* Problem to solve:
Output the data word for word, dropping every image.

[Extracted data entries]
****
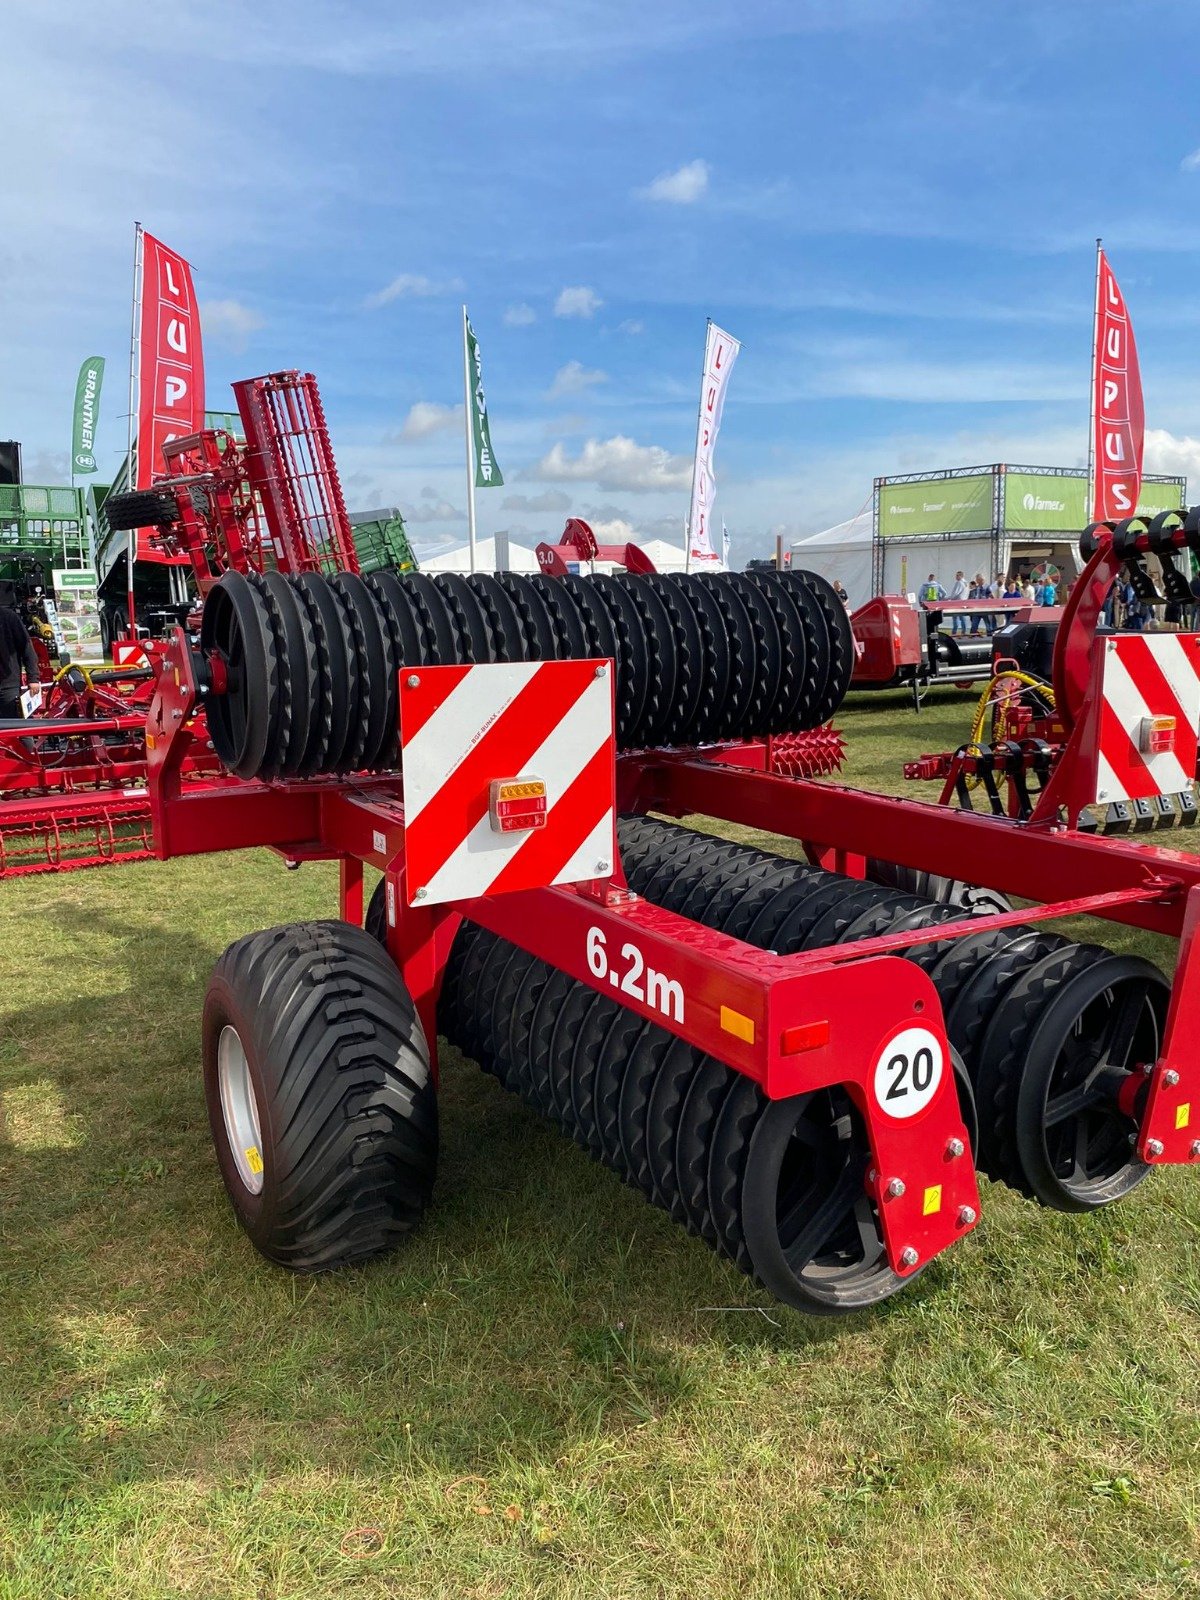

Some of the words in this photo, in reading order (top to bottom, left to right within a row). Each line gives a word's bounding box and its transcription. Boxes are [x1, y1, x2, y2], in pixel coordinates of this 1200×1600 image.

[81, 369, 97, 450] BRANTNER
[1104, 275, 1132, 511] LUPUS
[539, 550, 554, 564] 3.0
[585, 926, 685, 1025] 6.2m
[885, 1047, 934, 1100] 20
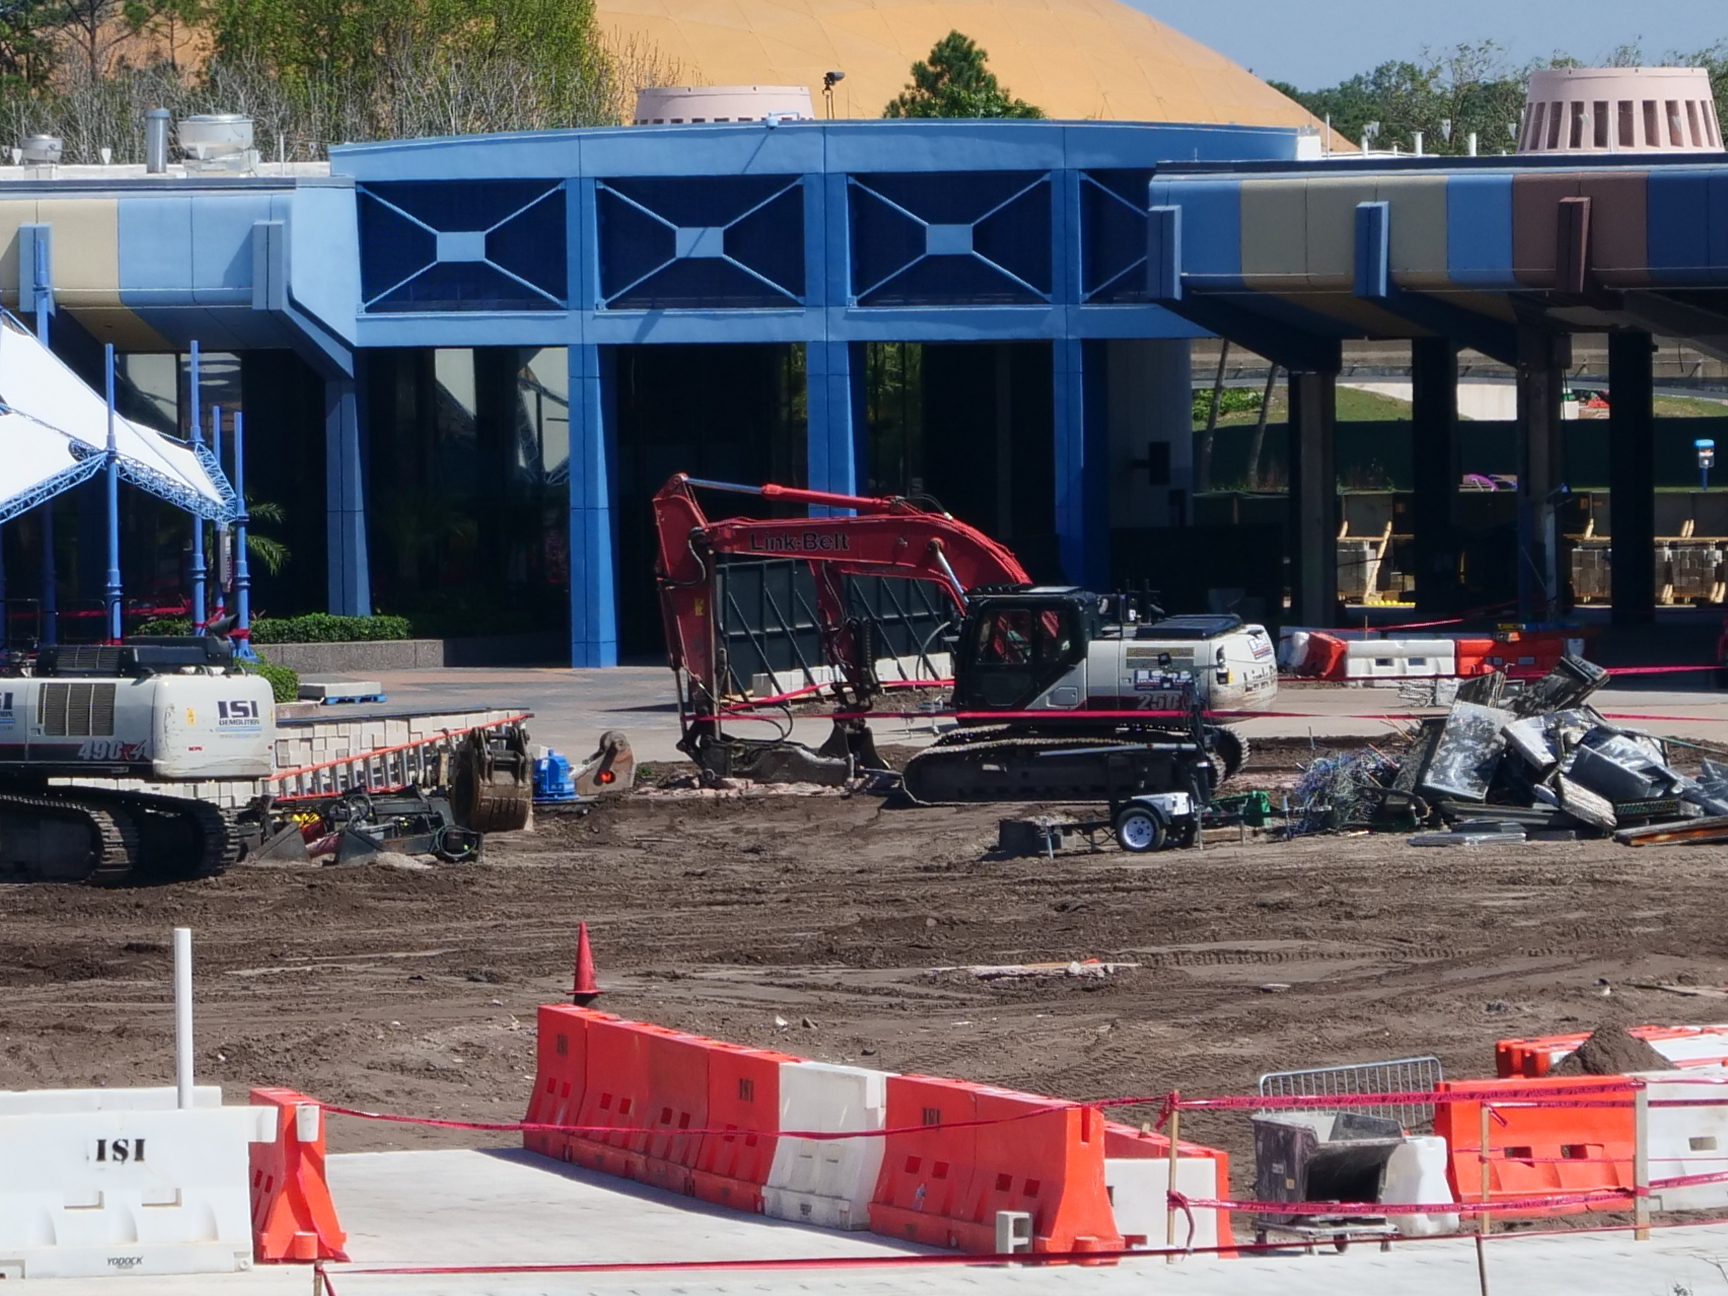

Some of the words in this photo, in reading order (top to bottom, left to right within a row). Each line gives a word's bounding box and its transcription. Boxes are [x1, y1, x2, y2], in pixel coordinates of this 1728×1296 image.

[750, 532, 850, 551] Link-Belt
[217, 700, 260, 718] ISI
[95, 1138, 146, 1162] ISI
[106, 1256, 144, 1266] YODOCK
****
* Task response:
Some of the words in this photo, in reading order (top to bottom, left to right within a row). Each line gives a word's bounding box and its transcription. Boxes are [x1, y1, x2, y2], in pixel coordinates of this 1200×1600 image.

[81, 369, 97, 450] BRANTNER
[1104, 275, 1132, 511] LUPUS
[539, 550, 554, 564] 3.0
[585, 926, 685, 1025] 6.2m
[885, 1047, 934, 1100] 20

Some of the words in this photo, in reading order (top to bottom, left to right within a row). Each line gives a word's bounding box and its transcription. Boxes are [x1, y1, x2, y2], in pixel coordinates of this 1728×1296 image.

[750, 532, 850, 551] Link-Belt
[217, 700, 260, 718] ISI
[95, 1138, 146, 1162] ISI
[106, 1256, 144, 1266] YODOCK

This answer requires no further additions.